Image-backed grounding data:
● ● ● ● ●

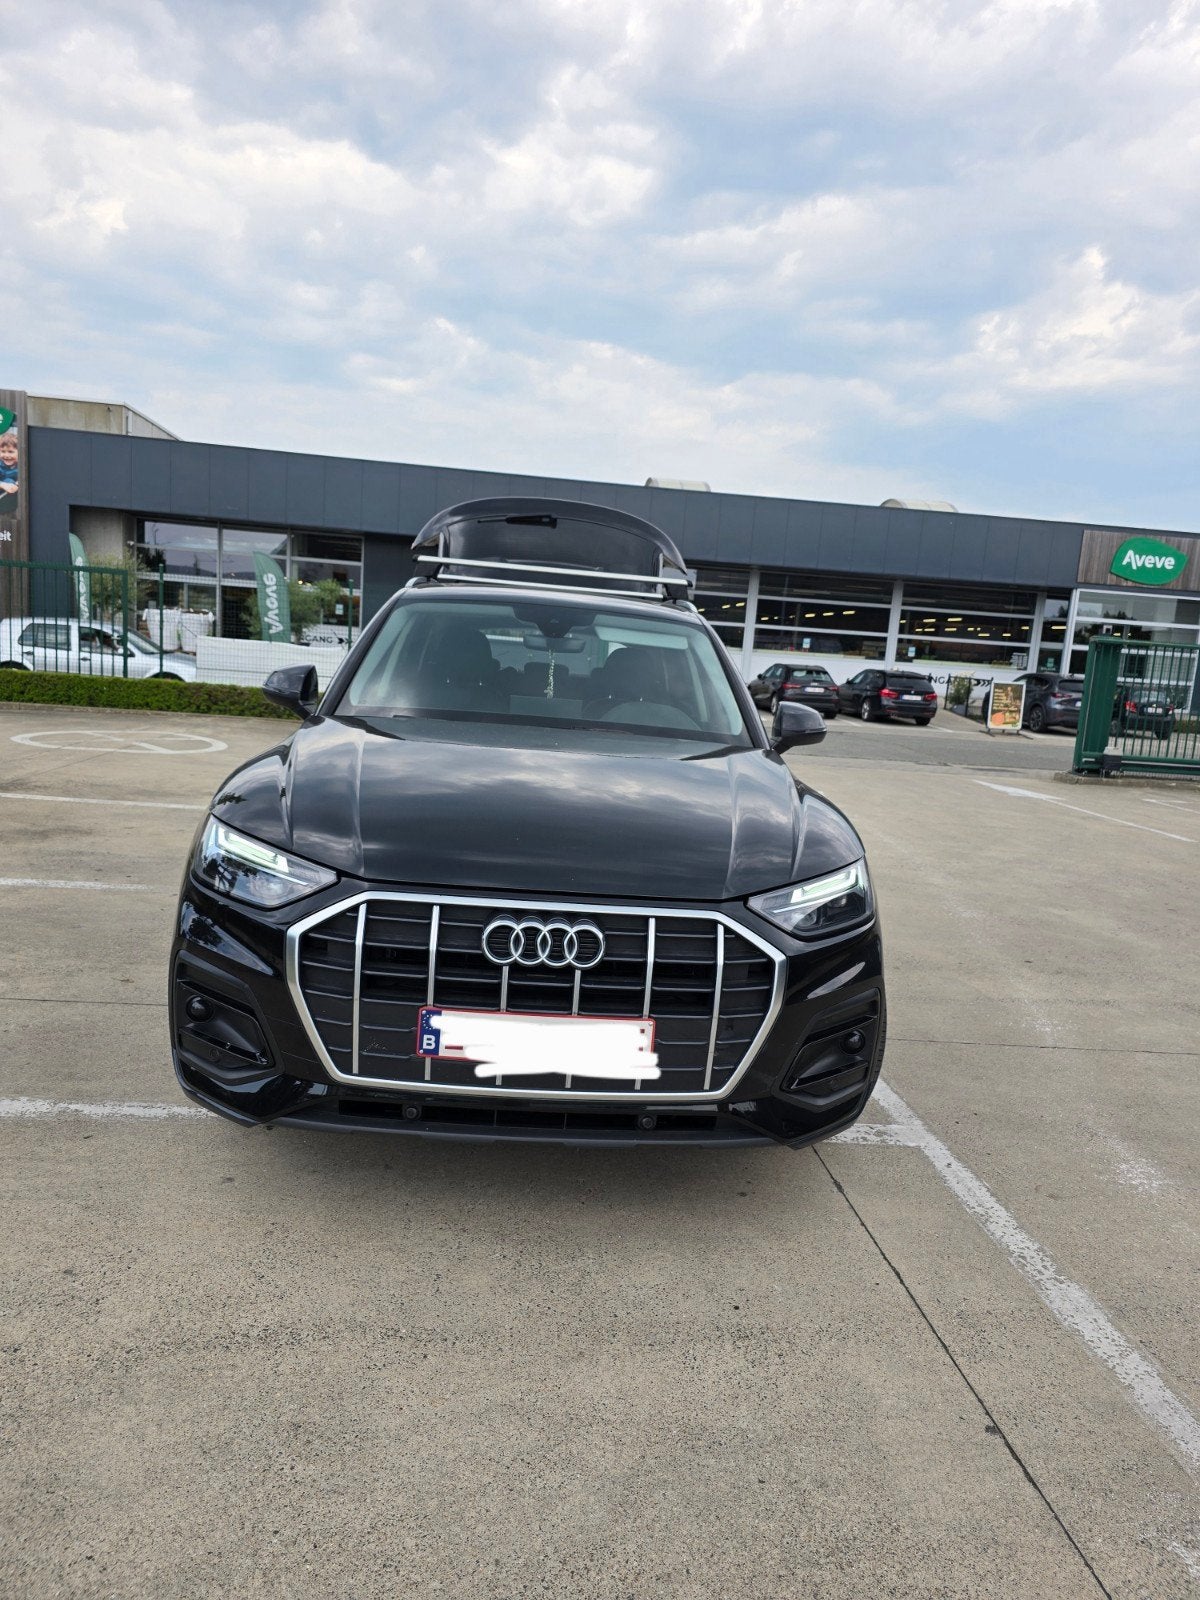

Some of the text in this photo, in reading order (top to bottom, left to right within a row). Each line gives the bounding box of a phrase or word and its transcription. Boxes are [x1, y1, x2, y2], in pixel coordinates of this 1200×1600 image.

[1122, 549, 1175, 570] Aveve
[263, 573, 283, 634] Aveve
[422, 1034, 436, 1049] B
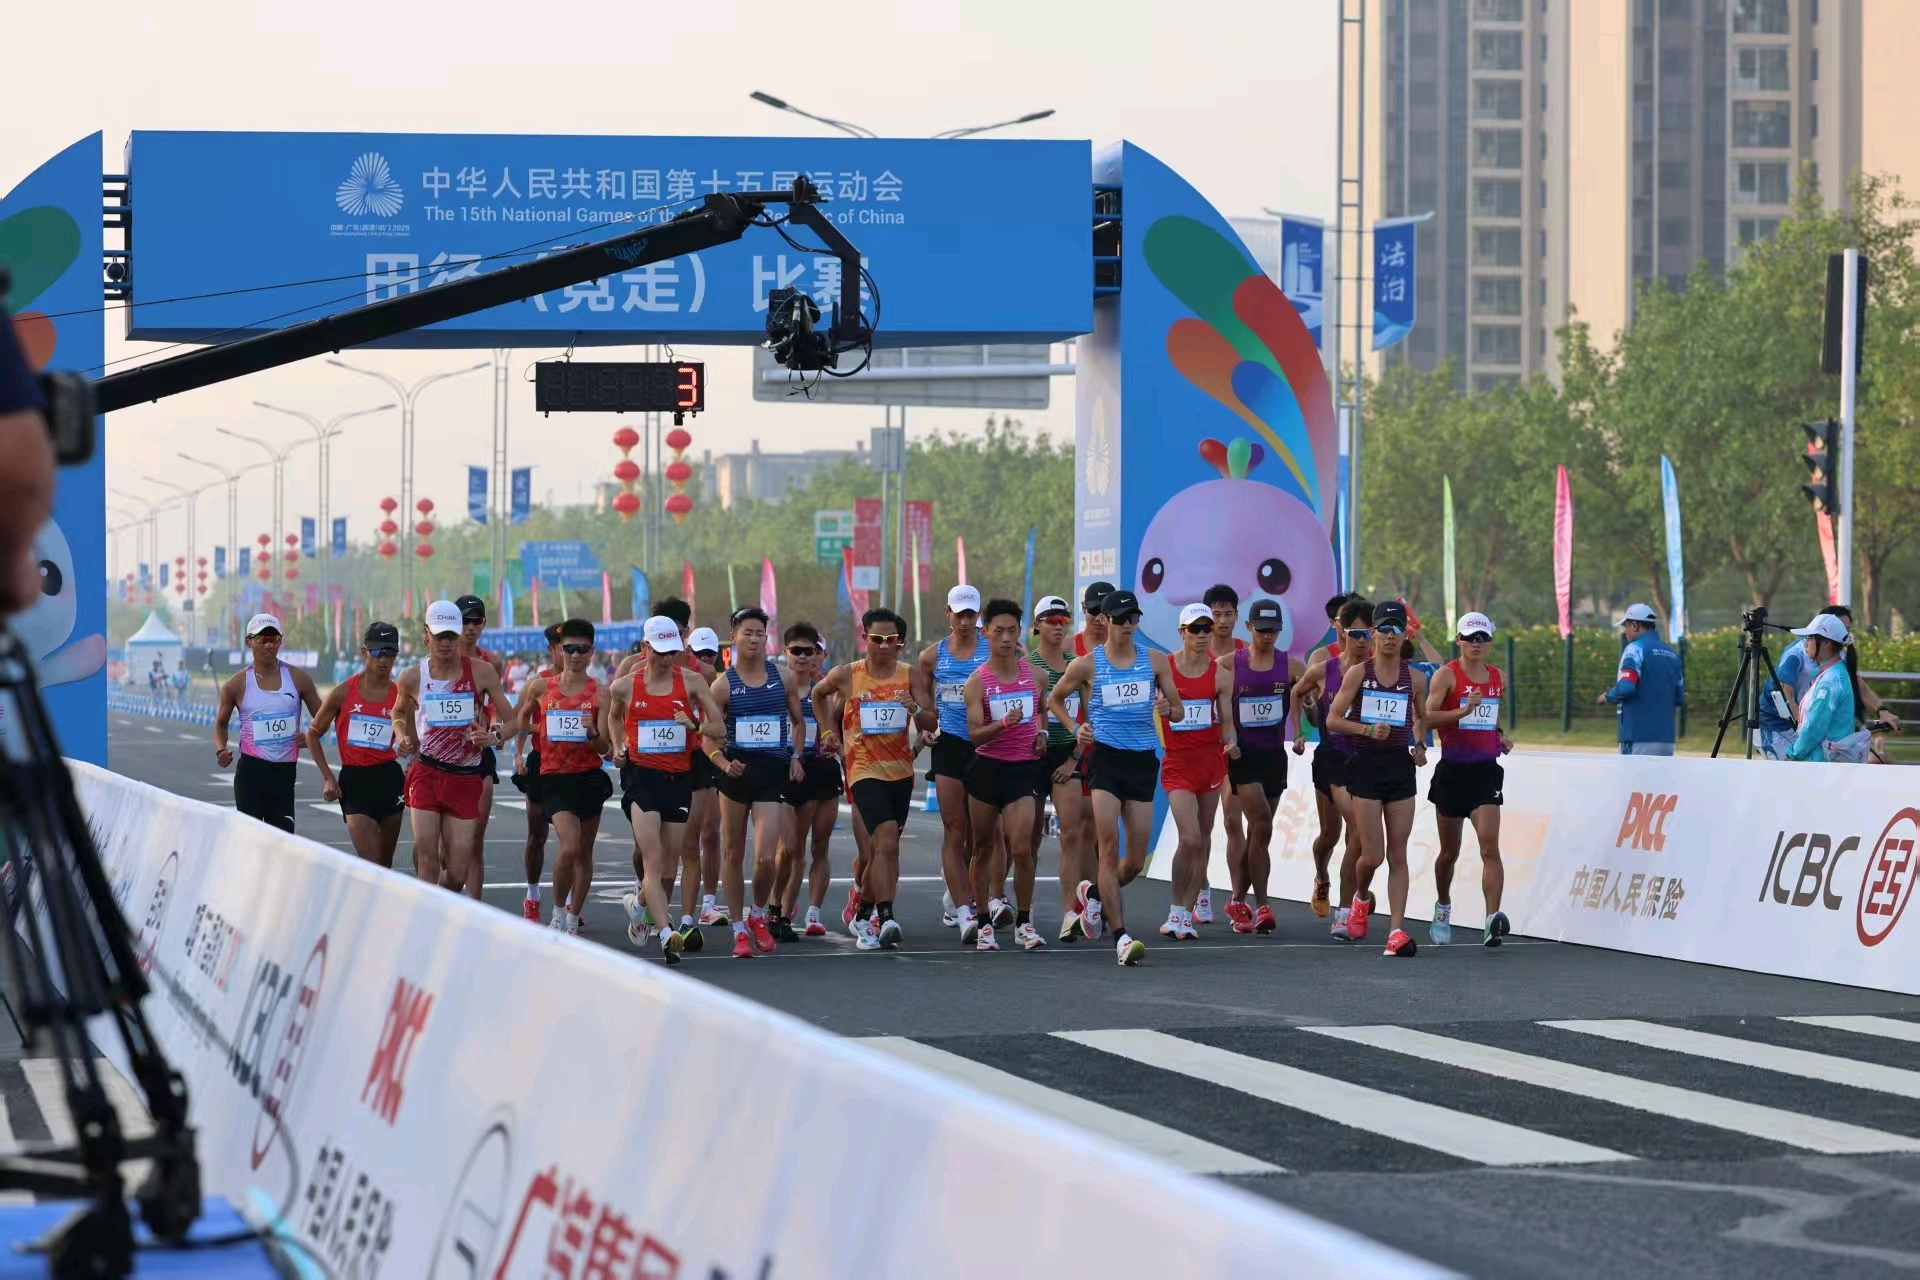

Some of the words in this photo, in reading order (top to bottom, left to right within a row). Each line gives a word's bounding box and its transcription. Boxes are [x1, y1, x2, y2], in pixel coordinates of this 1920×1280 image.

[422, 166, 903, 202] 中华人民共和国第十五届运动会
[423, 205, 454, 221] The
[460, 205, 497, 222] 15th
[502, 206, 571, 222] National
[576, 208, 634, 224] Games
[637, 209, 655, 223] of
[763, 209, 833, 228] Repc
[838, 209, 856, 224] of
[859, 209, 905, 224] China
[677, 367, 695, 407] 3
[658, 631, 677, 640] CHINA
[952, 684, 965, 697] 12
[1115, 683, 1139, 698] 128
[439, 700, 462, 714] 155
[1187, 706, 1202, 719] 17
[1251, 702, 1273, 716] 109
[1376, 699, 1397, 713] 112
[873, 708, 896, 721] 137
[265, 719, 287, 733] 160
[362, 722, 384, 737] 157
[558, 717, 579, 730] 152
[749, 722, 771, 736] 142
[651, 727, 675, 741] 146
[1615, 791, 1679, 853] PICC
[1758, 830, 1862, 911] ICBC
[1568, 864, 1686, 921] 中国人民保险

● ● ● ● ●

Set the records down again exactly as given, and leave the pictures out.

TASK ANSWER:
Some of the text in this photo, in reading order (top to bottom, left to right within a row). Each line gives the bounding box of a phrase or word and its transcription. Boxes are [x1, y1, x2, y2], in pixel coordinates of this 1200×1600 image.

[1122, 549, 1175, 570] Aveve
[263, 573, 283, 634] Aveve
[422, 1034, 436, 1049] B

Some of the words in this photo, in reading order (top to bottom, left to right within a row). Each line gives a word's bounding box and its transcription. Boxes are [x1, y1, x2, y2], in pixel coordinates of this 1920×1280 image.

[422, 166, 903, 202] 中华人民共和国第十五届运动会
[423, 205, 454, 221] The
[460, 205, 497, 222] 15th
[502, 206, 571, 222] National
[576, 208, 634, 224] Games
[637, 209, 655, 223] of
[763, 209, 833, 228] Repc
[838, 209, 856, 224] of
[859, 209, 905, 224] China
[677, 367, 695, 407] 3
[658, 631, 677, 640] CHINA
[952, 684, 965, 697] 12
[1115, 683, 1139, 698] 128
[439, 700, 462, 714] 155
[1187, 706, 1202, 719] 17
[1251, 702, 1273, 716] 109
[1376, 699, 1397, 713] 112
[873, 708, 896, 721] 137
[265, 719, 287, 733] 160
[362, 722, 384, 737] 157
[558, 717, 579, 730] 152
[749, 722, 771, 736] 142
[651, 727, 675, 741] 146
[1615, 791, 1679, 853] PICC
[1758, 830, 1862, 911] ICBC
[1568, 864, 1686, 921] 中国人民保险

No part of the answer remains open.